Directions: Print the whole listing again exactly as it stands, leaving out any images.

BEGIN

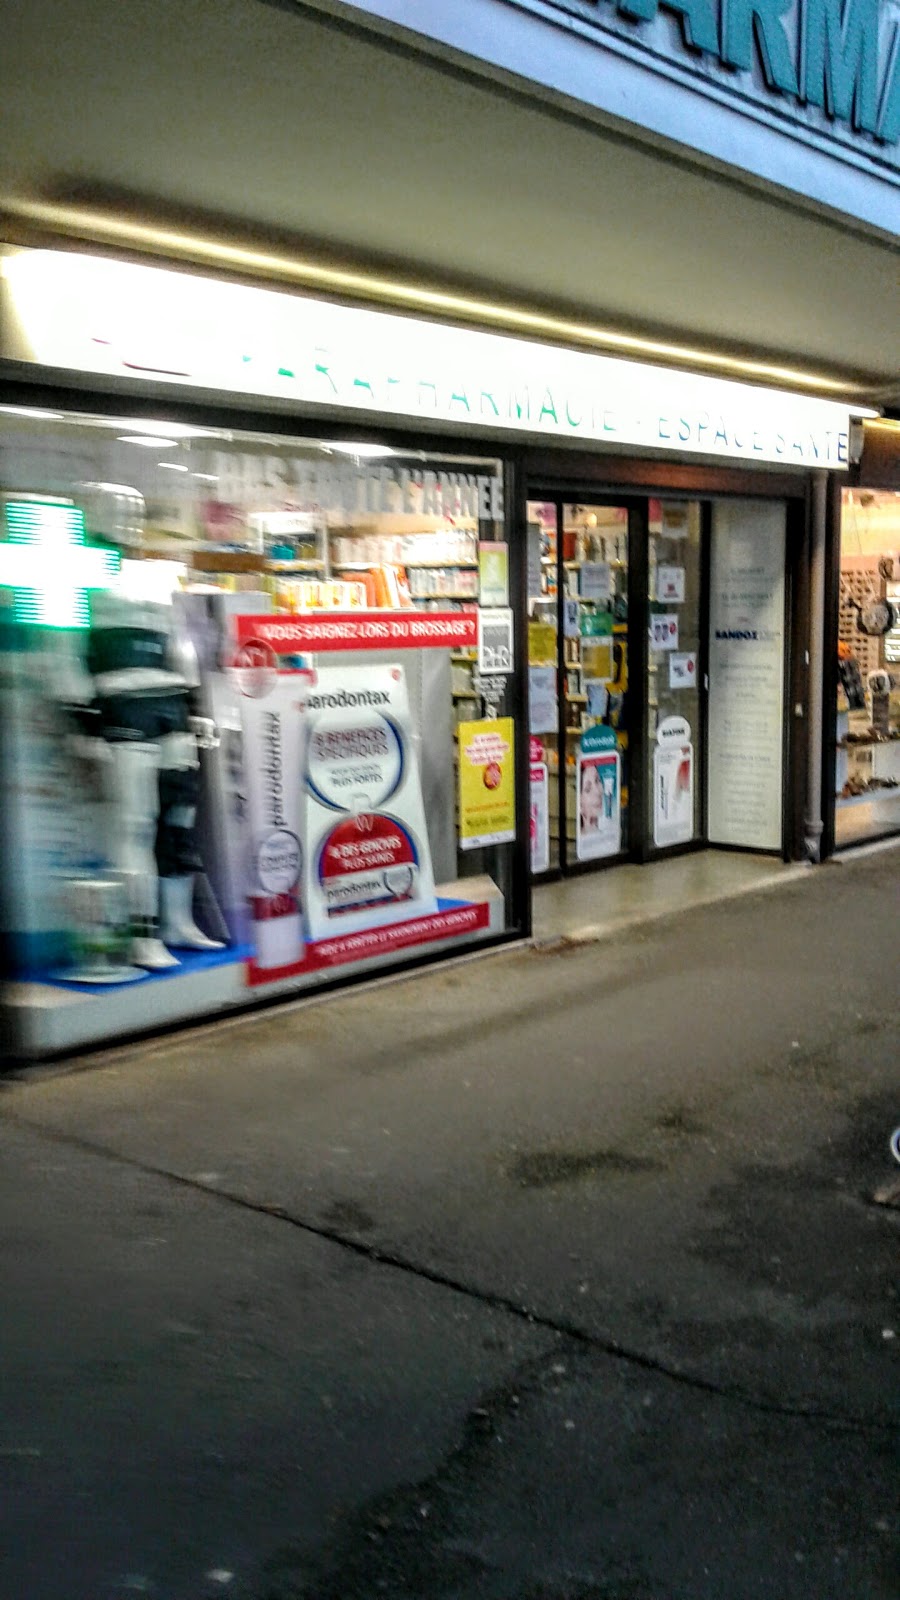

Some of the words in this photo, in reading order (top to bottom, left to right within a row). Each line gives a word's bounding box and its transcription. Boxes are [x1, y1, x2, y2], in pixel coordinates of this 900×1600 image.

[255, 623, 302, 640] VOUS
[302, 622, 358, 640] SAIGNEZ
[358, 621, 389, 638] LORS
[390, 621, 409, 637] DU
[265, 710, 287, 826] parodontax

END

Solution to the problem:
Some of the words in this photo, in reading order (top to bottom, left to right within a row). Each line gives a word's bounding box and its transcription. Boxes are [x1, y1, x2, y2], in pixel coordinates of this 900×1600 image.

[255, 623, 302, 640] VOUS
[302, 622, 358, 640] SAIGNEZ
[358, 621, 389, 638] LORS
[390, 621, 409, 637] DU
[265, 710, 287, 826] parodontax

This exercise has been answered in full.